Impaired wound contraction and delayed myofibroblast differentiation in restraint-stressed mice

Previous research has shown that psychological stress delays wound closure by >25%. Gene expression of pro-inflammatory cytokines and the maturation of the epithelium were also impaired by stress (Mercado et al.). Wound contraction contributes to the speed of wound closure (Hunt and Hopf). In the current study, wound contraction was decreased by >45% (p < .01) in restraint stressed mice. Fibroblast migration and differentiation into smooth muscle α-actin (SmαA) -expressing myofibroblasts were delayed in RST mice through day 7 post-wounding.

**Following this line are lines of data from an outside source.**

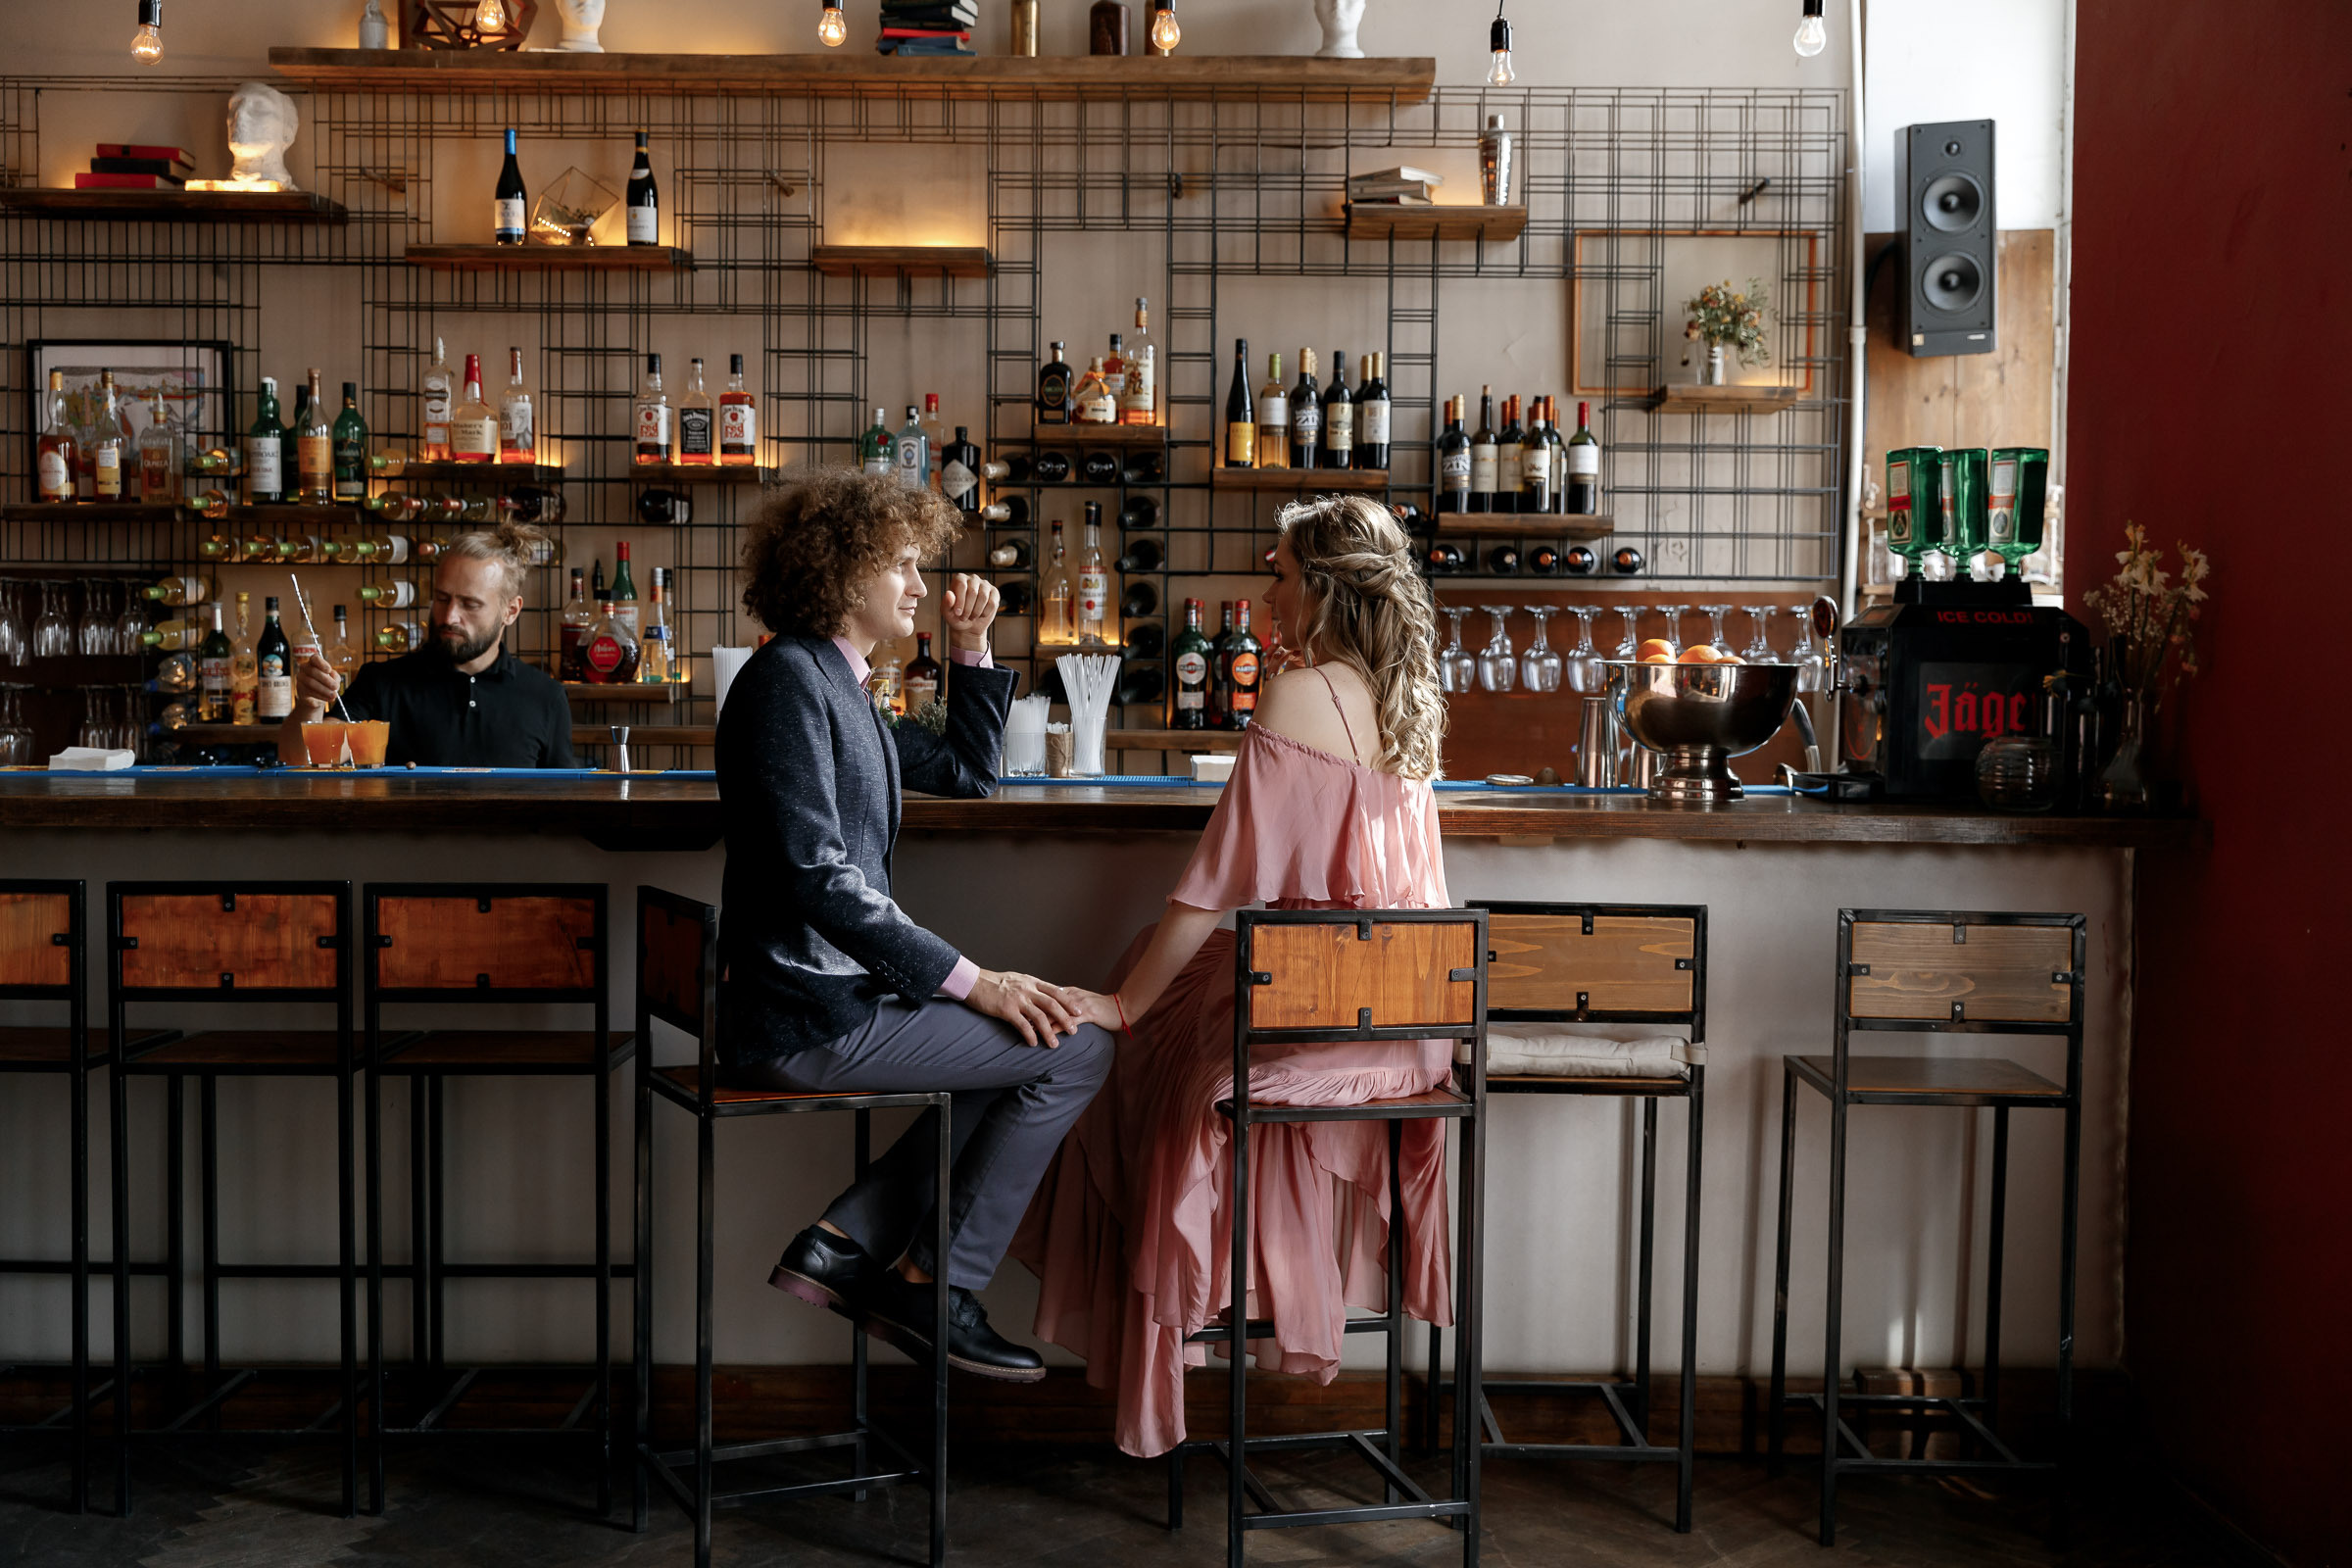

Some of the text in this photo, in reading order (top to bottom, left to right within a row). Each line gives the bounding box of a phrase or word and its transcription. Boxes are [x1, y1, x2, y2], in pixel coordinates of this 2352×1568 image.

[640, 422, 659, 432] red
[725, 422, 744, 432] red
[1443, 462, 1471, 472] ZIN
[1937, 611, 2034, 624] ICE COLD!
[1924, 682, 2037, 740] Jäge

In addition, there was a 25 (p < .01), 48 (p < .01), and 38% (p < .05) decrease in SmαA mRNA levels at days 1, 3, and 5 post-wounding in RST mice, respectively. Cytokines that regulate fibroblast migration and differentiation include transforming growth factors-β1, -β2, and -β3 (TGF-βs). Although expression of TGF-β1 mRNA was downregulated by >25% (p < .01) in RST mice on day 3 post-wounding, no significant differences were detected in active or total TGF-β1 protein levels. Stress did not alter the expression of TGF-β2 or -β3 through day 5 post-wounding. Thus, these data indicate that stress delays wound contraction and myofibroblast differentiation, which are likely independent of expression of TGF-β1, -β2, and -β3.